WHAT YOU SHOULD DO:
The whole listing, pictures aside, should be reproduced exactly.

──────

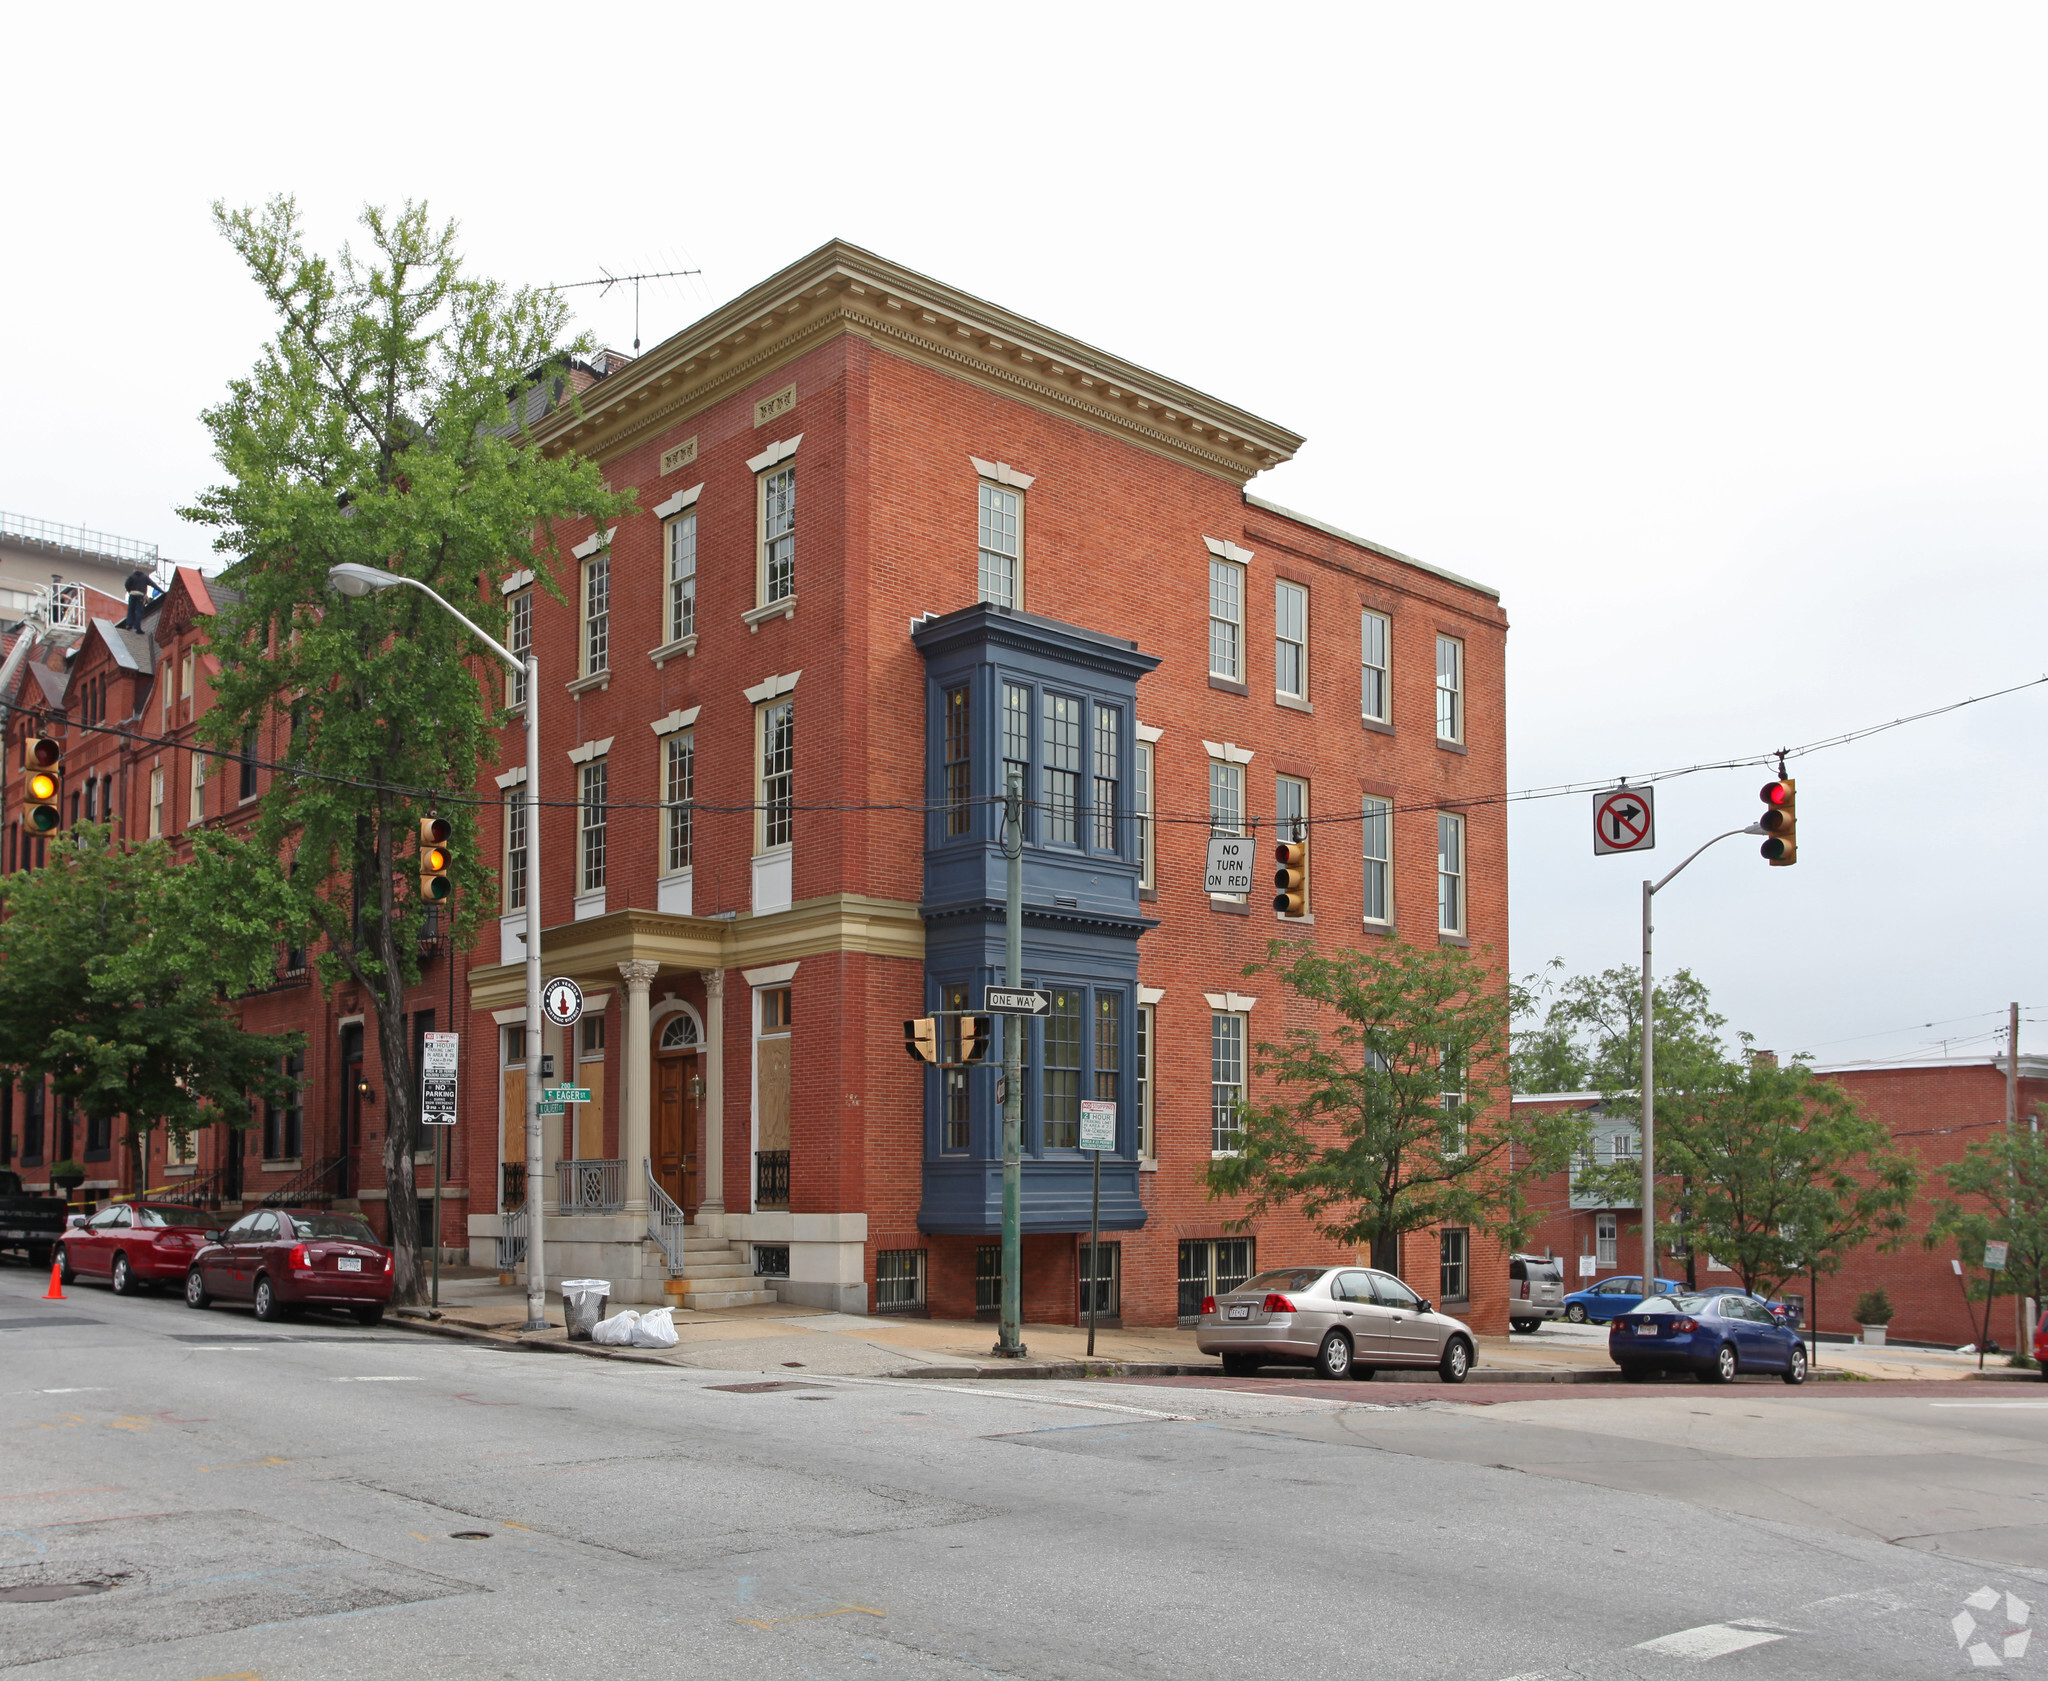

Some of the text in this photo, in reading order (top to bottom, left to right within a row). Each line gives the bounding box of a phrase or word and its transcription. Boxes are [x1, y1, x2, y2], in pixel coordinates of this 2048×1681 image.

[1222, 845, 1239, 855] NO
[1217, 860, 1243, 870] TURN
[1208, 875, 1248, 886] ON RED
[547, 981, 579, 996] MOUNT VERNON
[992, 994, 1037, 1007] ONE WAY
[547, 1007, 580, 1022] HISTORIC DISTRICT
[556, 1091, 580, 1100] EAGER
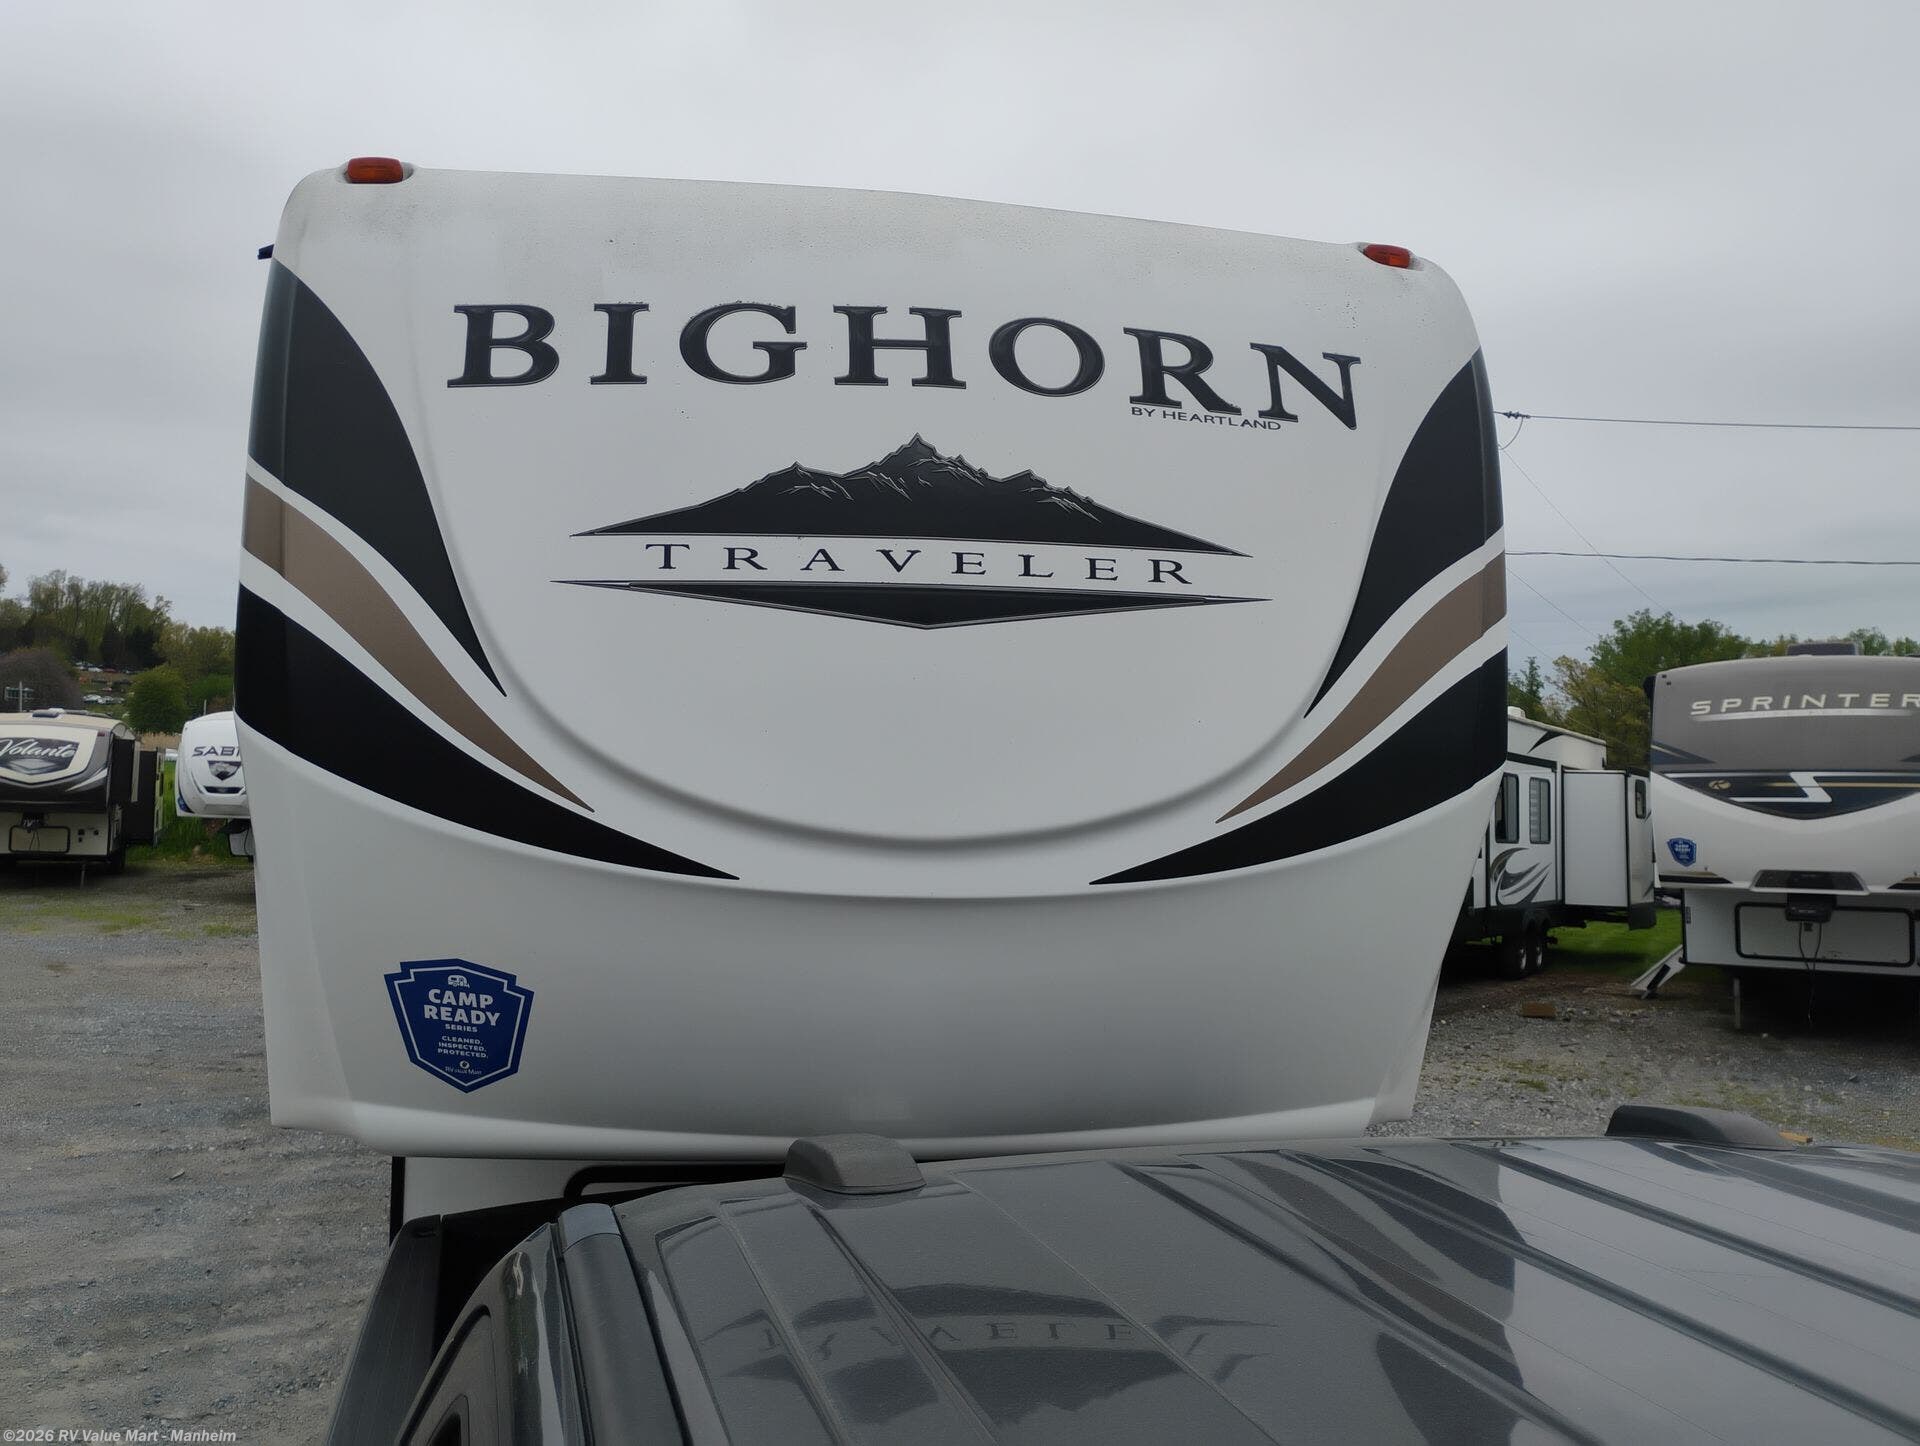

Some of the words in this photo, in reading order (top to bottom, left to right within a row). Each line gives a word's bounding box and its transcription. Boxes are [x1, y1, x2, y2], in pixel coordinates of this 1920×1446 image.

[447, 302, 1361, 430] BIGHORN
[1131, 406, 1155, 418] BY
[1163, 410, 1281, 431] HEARTLAND
[645, 543, 1192, 585] TRAVELER
[1690, 693, 1920, 715] SPRINTER
[428, 988, 493, 1009] CAMP
[424, 1004, 500, 1026] READY
[445, 1023, 478, 1032] SERIES

──────

ANSWER TO THE PROBLEM:
Some of the text in this photo, in reading order (top to bottom, left to right within a row). Each line gives the bounding box of a phrase or word and its transcription. Boxes are [x1, y1, x2, y2], in pixel coordinates of this 2048×1681 image.

[1222, 845, 1239, 855] NO
[1217, 860, 1243, 870] TURN
[1208, 875, 1248, 886] ON RED
[547, 981, 579, 996] MOUNT VERNON
[992, 994, 1037, 1007] ONE WAY
[547, 1007, 580, 1022] HISTORIC DISTRICT
[556, 1091, 580, 1100] EAGER

Some of the words in this photo, in reading order (top to bottom, left to right within a row). Each line gives a word's bounding box and its transcription. Boxes are [x1, y1, x2, y2], in pixel coordinates of this 1920×1446 image.

[447, 302, 1361, 430] BIGHORN
[1131, 406, 1155, 418] BY
[1163, 410, 1281, 431] HEARTLAND
[645, 543, 1192, 585] TRAVELER
[1690, 693, 1920, 715] SPRINTER
[428, 988, 493, 1009] CAMP
[424, 1004, 500, 1026] READY
[445, 1023, 478, 1032] SERIES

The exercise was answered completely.